À Lisbonne, le matin tôt est un territoire presque sacré. Les locaux descendent dans la rue avant que la ville ne se réveille complètement, en direction de la padaria de quartier — ces fours qui survivent depuis des décennies et qui sentent la pasta de nata encore chaude et le pão de forma tout juste sorti du four. Ce n'est pas une question de petit-déjeuner romantique : c'est la routine, c'est le café bu debout au comptoir en échangeant quelques mots avec le barista qui te connaît par ton nom. À cette heure-là, les rues pavées appartiennent encore aux personnes âgées avec leur sac à provisions et aux chats qui surveillent les portes. C'est dans ces moments que Lisbonne ressemble encore à elle-même, avant de devenir le décor de quelqu'un d'autre.
Demandez à un Lisbonnète où il habite et il vous répondra rarement simplement « à Lisbonne ». Il vous dira Mouraria, Intendente, Campo de Ourique, Penha de França. L'identité se construit dans le bairro, pas dans la capitale. Chaque quartier a sa propre personnalité, son histoire, souvent son saint patron célébré avec une dévotion presque tribale chaque juin lors des Festas de Lisboa. Le sens de la communauté est encore fort, surtout parmi les générations les plus âgées : le poissonnier qui passe avec son fourgon, la voisine qui sait tout de tout le monde, le miradouro de quartier que vous ne trouverez jamais sur les cartes touristiques mais où se rassemble chaque soir la même compagnie.
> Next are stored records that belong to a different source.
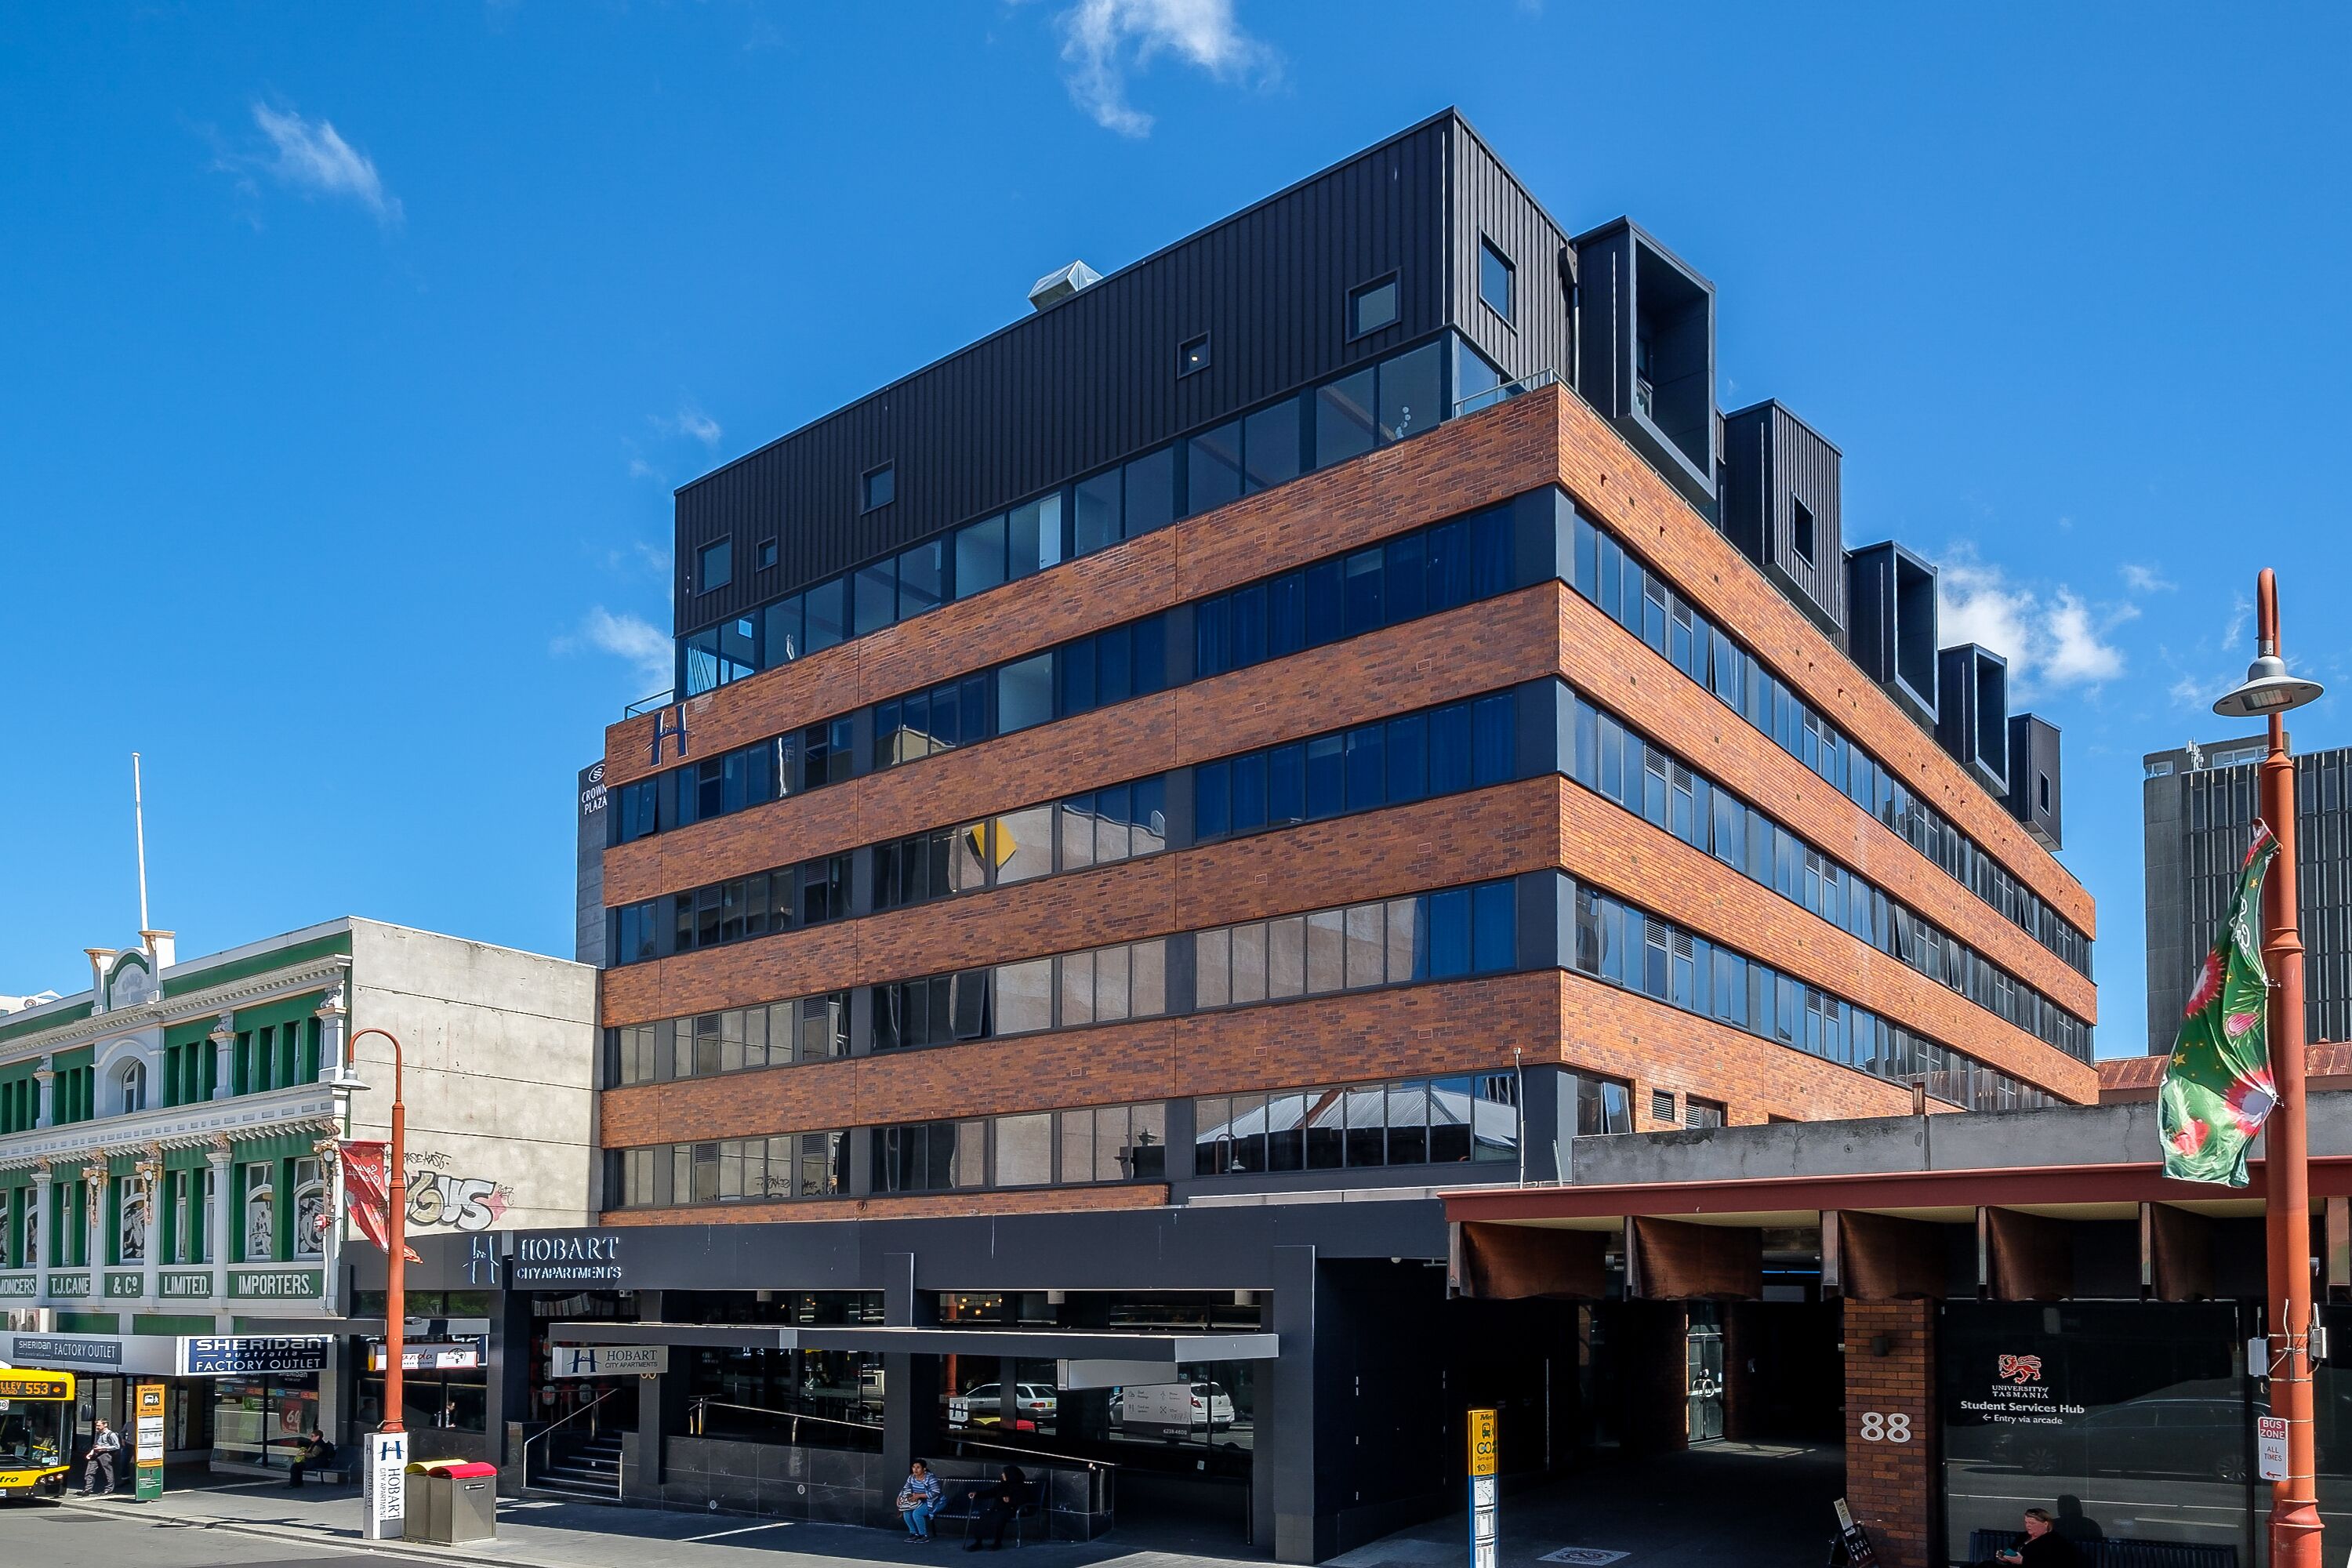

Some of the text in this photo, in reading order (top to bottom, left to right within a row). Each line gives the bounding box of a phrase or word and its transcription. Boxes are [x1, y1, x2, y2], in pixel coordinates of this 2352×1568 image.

[584, 795, 608, 815] PLAZA
[521, 1236, 620, 1261] HOBART
[517, 1266, 622, 1279] CITY APARTMENTS
[113, 1276, 122, 1294] &
[164, 1276, 210, 1294] LIMITED.
[238, 1274, 314, 1294] IMPORTERS.
[54, 1343, 86, 1357] FACTORY
[87, 1345, 116, 1359] OUTLET
[607, 1350, 658, 1361] HOBART
[196, 1359, 321, 1372] FACTORY OUTLET
[0, 1381, 49, 1395] LLEY 553
[1961, 1400, 2085, 1414] Student Services Hub
[1994, 1414, 2016, 1424] Entry
[2263, 1420, 2282, 1429] BUS
[1860, 1412, 1911, 1443] 88
[2260, 1429, 2285, 1439] ZONE
[2264, 1453, 2282, 1462] TIMES
[388, 1468, 401, 1519] HOBART
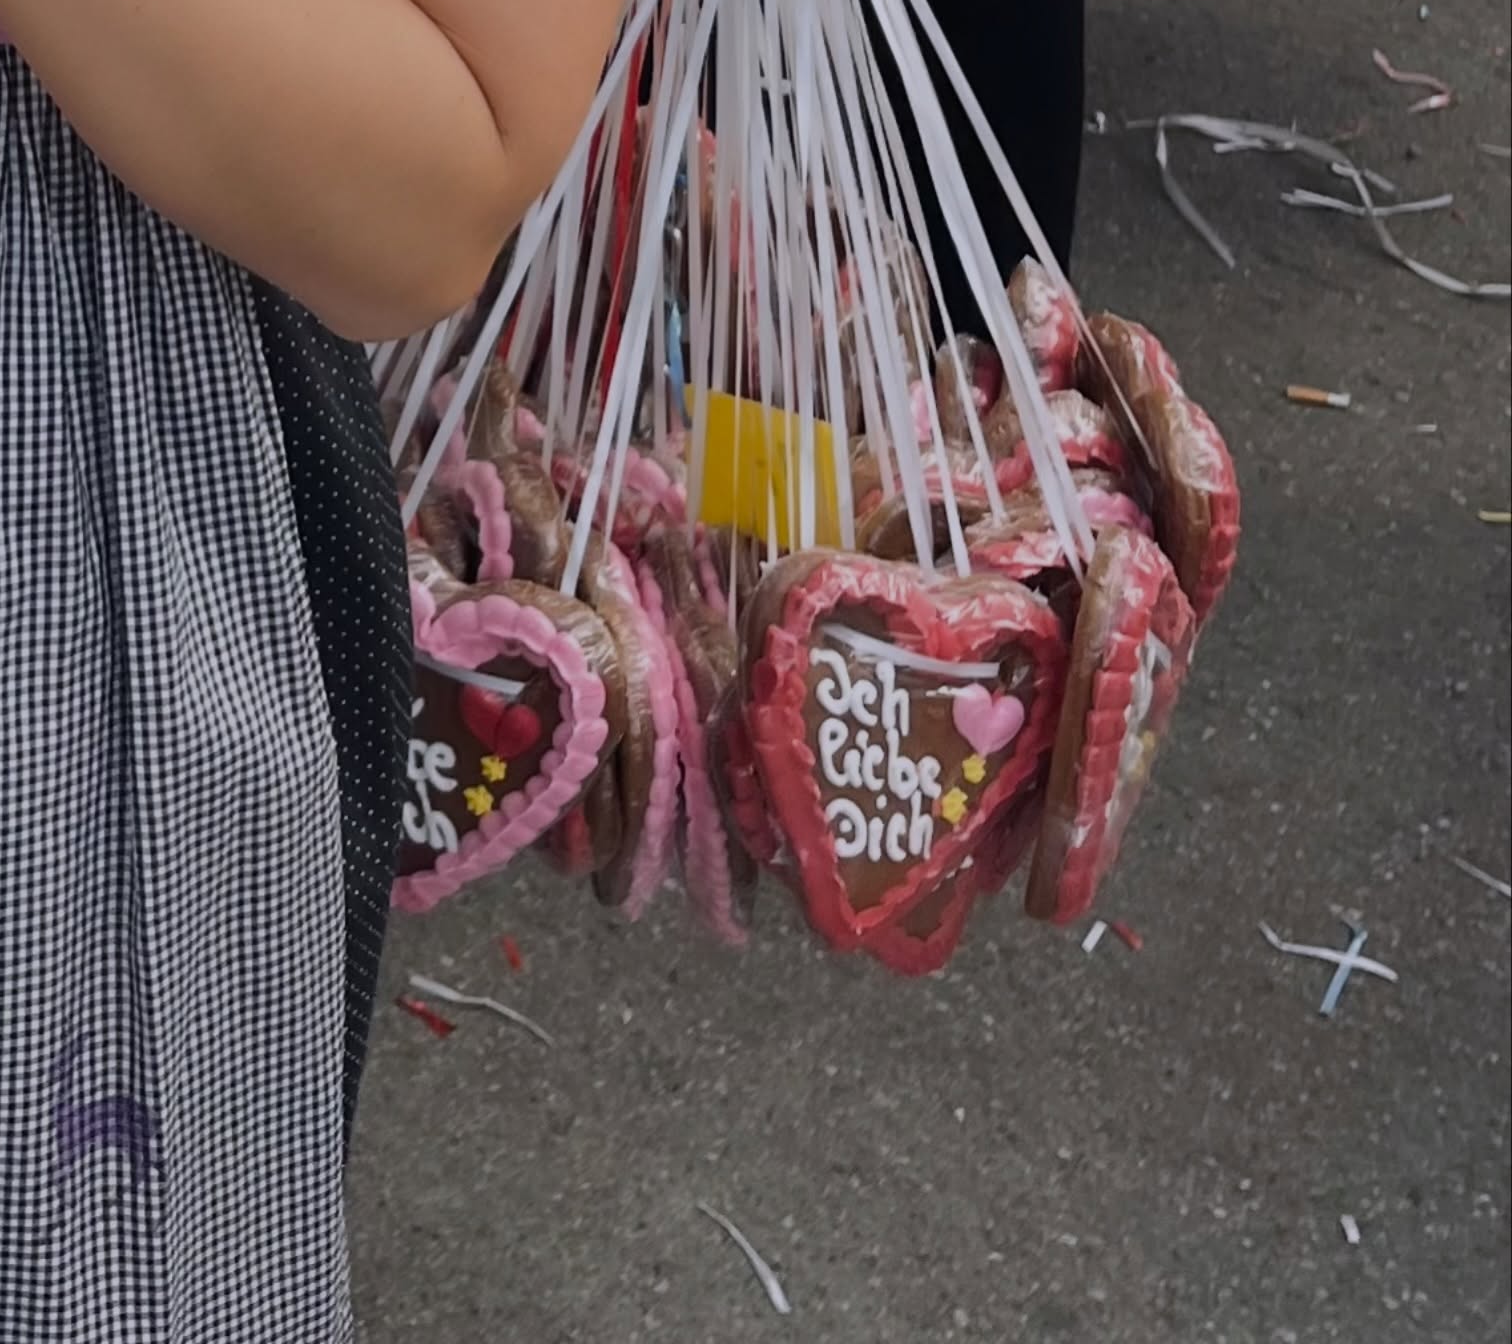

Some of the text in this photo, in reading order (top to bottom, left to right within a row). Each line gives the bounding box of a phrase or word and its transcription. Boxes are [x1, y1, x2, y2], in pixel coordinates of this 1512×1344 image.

Les Portugais ont un mot que le reste du monde continue de mal comprendre. La saudade n'est pas simplement la nostalgie — c'est quelque chose de plus complexe, une disposition d'esprit qui coexiste avec le présent sans en être écrasée. À Lisbonne, on la respire dans l'architecture écaillée que personne ne se presse de restaurer, dans le fado chanté dans les maisons avant même d'être chanté dans les locaux, dans la tendance locale à se souvenir avec fierté d'un passé impérial tout en étant parfaitement conscient de ses ombres. Ce n'est pas une mélancolie paralysante : c'est la façon dont cette ville porte le poids de sa propre histoire sans prétendre qu'elle n'existe pas.
Dans une ville de plus en plus internationale, le déjeuner reste l'un des moments les plus authentiquement portugais de la journée. Les restaurants de bairro — ceux sans menu en anglais, avec l'ardoise écrite à la main et la télévision allumée sur une chaîne sportive — se remplissent en milieu de journée d'employés de bureau, d'artisans et de retraités. On mange le prato do dia, le plat du jour : généralement une soupe, un deuxième plat généreux et souvent un petit dessert. C'est bon marché, généreux, peu photogénique et absolument délicieux. Les locaux savent que ces endroits disparaissent peu à peu, remplacés par des établissements plus soignés et plus chers, et ils en parlent avec ce mélange typiquement lisbonnète de résignation et d'affection.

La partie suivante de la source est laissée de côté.